O acordo de livre comércio entre o Mercosul e a União Europeia começa a vigorar provisoriamente nesta sexta-feira, 1º, após 25 anos de negociações e a assinatura, nesta semana, do decreto presidencial que formalizou a incorporação inicial do tratado ao ordenamento jurídico brasileiro. A medida permite o início da aplicação gradual das regras comerciais previstas entre os blocos.
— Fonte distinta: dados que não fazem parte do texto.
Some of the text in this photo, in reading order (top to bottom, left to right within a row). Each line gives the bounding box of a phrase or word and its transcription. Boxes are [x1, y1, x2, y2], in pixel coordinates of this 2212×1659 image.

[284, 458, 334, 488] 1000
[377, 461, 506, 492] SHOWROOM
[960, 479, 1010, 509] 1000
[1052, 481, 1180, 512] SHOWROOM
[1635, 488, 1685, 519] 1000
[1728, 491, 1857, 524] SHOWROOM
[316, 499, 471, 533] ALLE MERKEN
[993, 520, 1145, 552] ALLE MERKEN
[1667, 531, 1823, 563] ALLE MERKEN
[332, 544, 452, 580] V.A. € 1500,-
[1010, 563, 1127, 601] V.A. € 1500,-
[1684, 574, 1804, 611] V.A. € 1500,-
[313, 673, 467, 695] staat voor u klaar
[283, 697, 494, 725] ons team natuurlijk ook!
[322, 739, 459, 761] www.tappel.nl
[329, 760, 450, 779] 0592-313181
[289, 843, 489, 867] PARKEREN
Com a entrada em vigor provisória, Brasil e União Europeia passam a implementar de forma gradual reduções tarifárias sobre produtos comercializados entre os países integrantes. Segundo estimativas da Confederação Nacional da Indústria (CNI), mais de 80% das exportações brasileiras destinadas ao mercado europeu passam a contar com tarifa zero já nesta fase inicial.
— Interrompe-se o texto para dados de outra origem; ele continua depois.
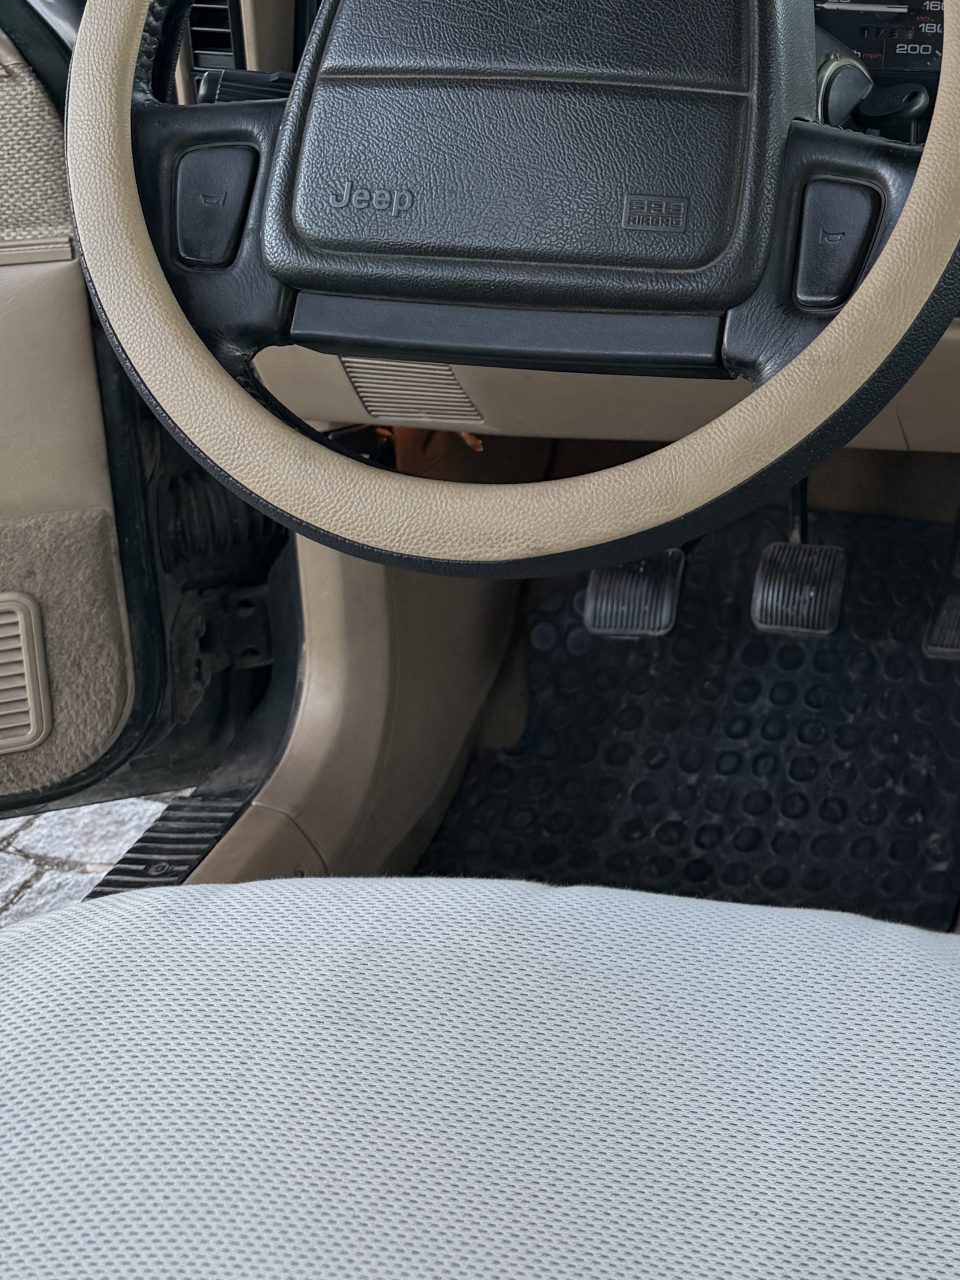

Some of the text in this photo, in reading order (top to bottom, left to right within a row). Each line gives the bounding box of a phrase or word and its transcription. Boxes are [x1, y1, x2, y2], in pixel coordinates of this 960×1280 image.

[922, 1, 945, 12] 16
[895, 43, 932, 55] 200
[329, 180, 415, 219] Jeep
Entre os produtos brasileiros incluídos na etapa inicial de liberalização comercial estão café solúvel, frutas frescas, óleos vegetais e outros itens agroindustriais. Produtos como carne bovina, aves e açúcar passam a operar sob sistema de cotas e tarifas reduzidas.
Do lado europeu, produtos como vinhos, queijos, azeites, chocolates, maquinário industrial, produtos químicos e automóveis terão redução gradual de tarifas para entrada no mercado brasileiro, conforme os cronogramas previstos no acordo.
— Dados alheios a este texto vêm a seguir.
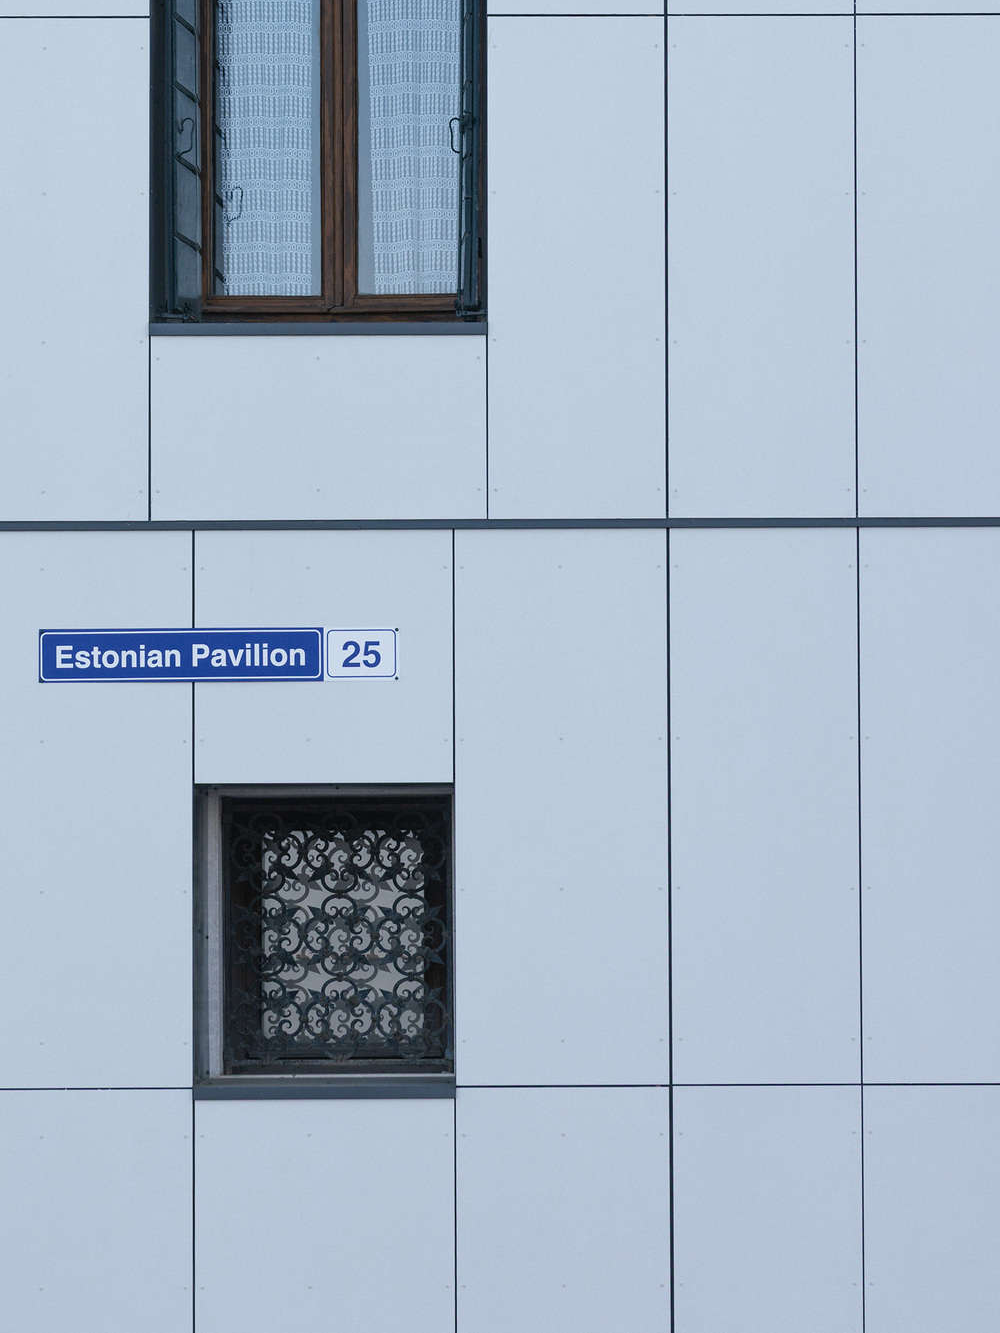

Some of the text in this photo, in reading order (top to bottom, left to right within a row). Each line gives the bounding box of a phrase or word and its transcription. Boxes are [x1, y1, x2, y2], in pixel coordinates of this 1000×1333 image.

[55, 642, 306, 669] Estonian Pavilion
[341, 640, 382, 668] 25
Alguns setores considerados sensíveis terão períodos de transição que podem chegar a 15 anos para eliminação total das tarifas de importação.
O tratado foi negociado ao longo de mais de duas décadas entre os países do Mercosul — Brasil, Argentina, Paraguai e Uruguai — e os membros da União Europeia. O bloco europeu reúne cerca de 450 milhões de consumidores, enquanto o Mercosul soma mais de 270 milhões.
Apesar da implementação provisória, o acordo ainda depende de etapas adicionais de aprovação política e jurídica em países europeus. A França e outros membros da União Europeia mantêm ressalvas, especialmente relacionadas à concorrência agrícola e a compromissos ambientais.
O Parlamento Europeu ainda poderá analisar pontos do tratado, enquanto questionamentos jurídicos apresentados por críticos seguem em discussão.
A vigência provisória permite o início da aplicação gradual das regras comerciais negociadas entre os dois blocos ao longo de 25 anos.